Novel coronavirus pneumonia combined with conjunctivitis:three cases report

Authors:Ye Ya1, Song Yanping1, Yan Ming1, Hu Cheng1, Chen Xiao1, Yu Juan1, Ren Xingfeng2

1Department of Ophthalmology, Ophthalmology Center of PLA, Central Theater General Hospital of PLA, Wuhan 430070, China; 2Department of Nephrology, Central Theater General Hospital of PLA, Wuhan 430070, China

Corresponding authors: Song Yanping,; Ren Xingfeng,

[Abstract]  Since January 2020, as ophthalmologists working at the center of the novel coronavirus pneumonia (COVID-19) outbreak in Wuhan, China, we found 3 cases in 30 COVID-19 patients with binocular conjunctivitis.
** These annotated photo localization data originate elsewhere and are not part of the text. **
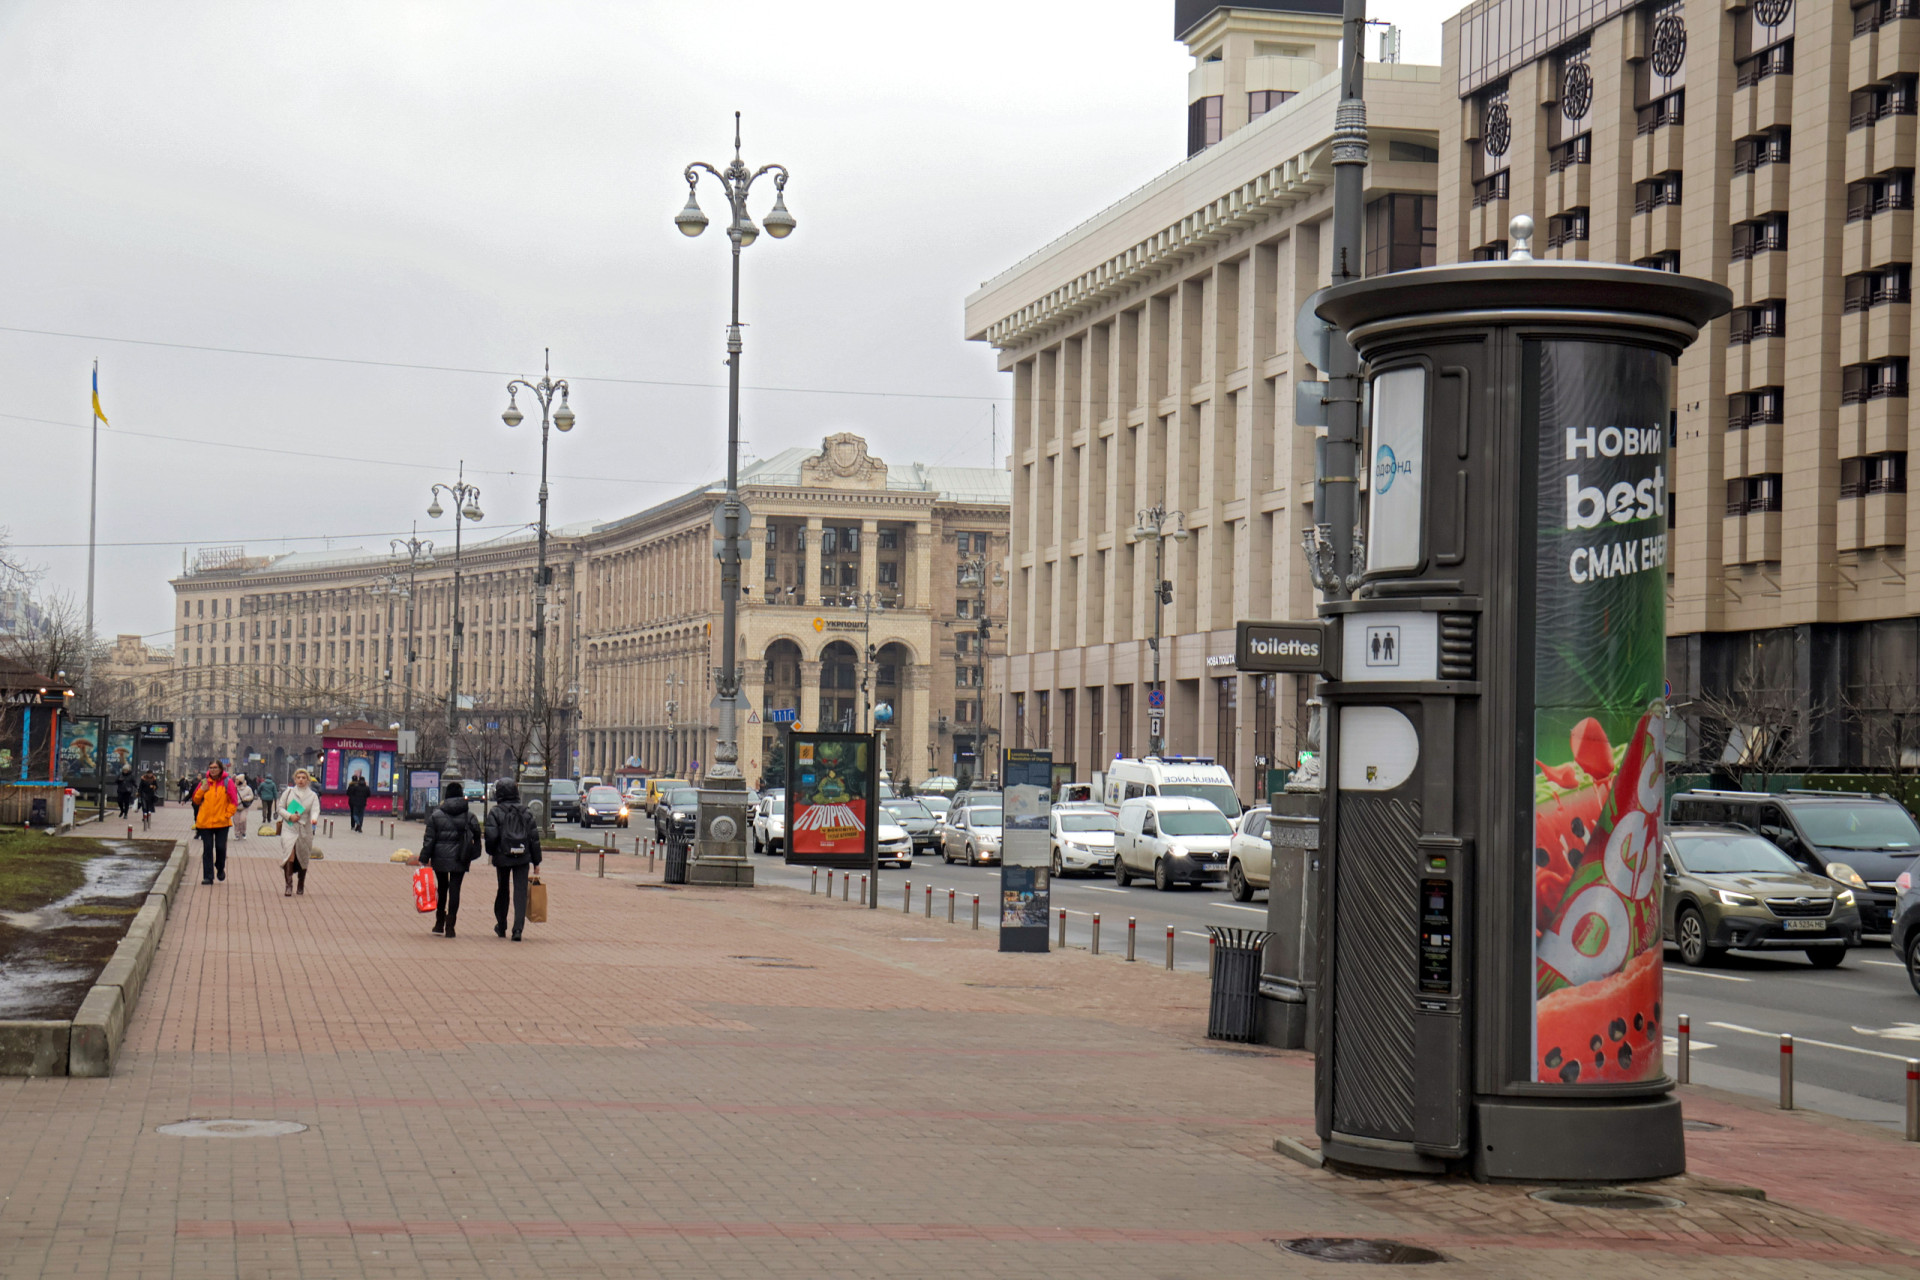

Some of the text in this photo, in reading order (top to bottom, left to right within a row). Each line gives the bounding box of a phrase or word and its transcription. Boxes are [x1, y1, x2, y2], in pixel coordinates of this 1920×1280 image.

[1566, 423, 1661, 460] НОВИЙ
[1566, 465, 1664, 530] best
[1569, 534, 1666, 584] СМАК ЕНЕ
[1250, 637, 1319, 657] toilettes
[1206, 655, 1219, 667] НОВА
[337, 739, 364, 748] ulitka
[792, 804, 866, 832] СТВОРЮЙ
[1787, 920, 1798, 928] KA
Of them, one case visited for conjunctivitis as a first symptom and then diagnosed as COVID-19 three days later, and two cases visited for binocular conjunctivitis during the COVID-19 onset. In 3 patients, conjunctivitis was manifested as signs of viral conjunctivitis from mild to moderate. Their symptoms of two patients disappeared after treatment with antiviral eyedrops for 7 to 10 days and another patient died of COVID-19. Interestingly, although we detected positive viral nucleic acid in the conjunctiva sacs of 2 of other 27 COVID-19 patients by using swabs and RT-PCR technology, no conjunctivitis occurred in these two patients.

[Key words] Coronavirus; Infection; Novel coronavirus pneumonia; Conjunctivitis

DOI: 10.3760/cma.j.issn.2095-0160.2020.0006.
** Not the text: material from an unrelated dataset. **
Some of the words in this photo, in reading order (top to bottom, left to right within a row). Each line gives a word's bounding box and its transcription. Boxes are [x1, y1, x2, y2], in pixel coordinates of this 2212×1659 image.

Since the outbreak of Coronavirus disease 2019 (COVID-19) in Wuhan, China in late 2019, as an ophthalmologist at the front line of COVID-19 diagnosis and treatment, we have treated 30 confirmed COVID-19 patients from January 10 to the present in the Wuhan General Hospital of Guangzhou Military Region. Patients, a total of 3 cases of COVID-19 with conjunctivitis and 2 cases of conjunctival sac samples with positive viral nucleic acid detection but no conjunctivitis were reported. The diagnosis and treatment of COVID-19 with conjunctivitis is reported below.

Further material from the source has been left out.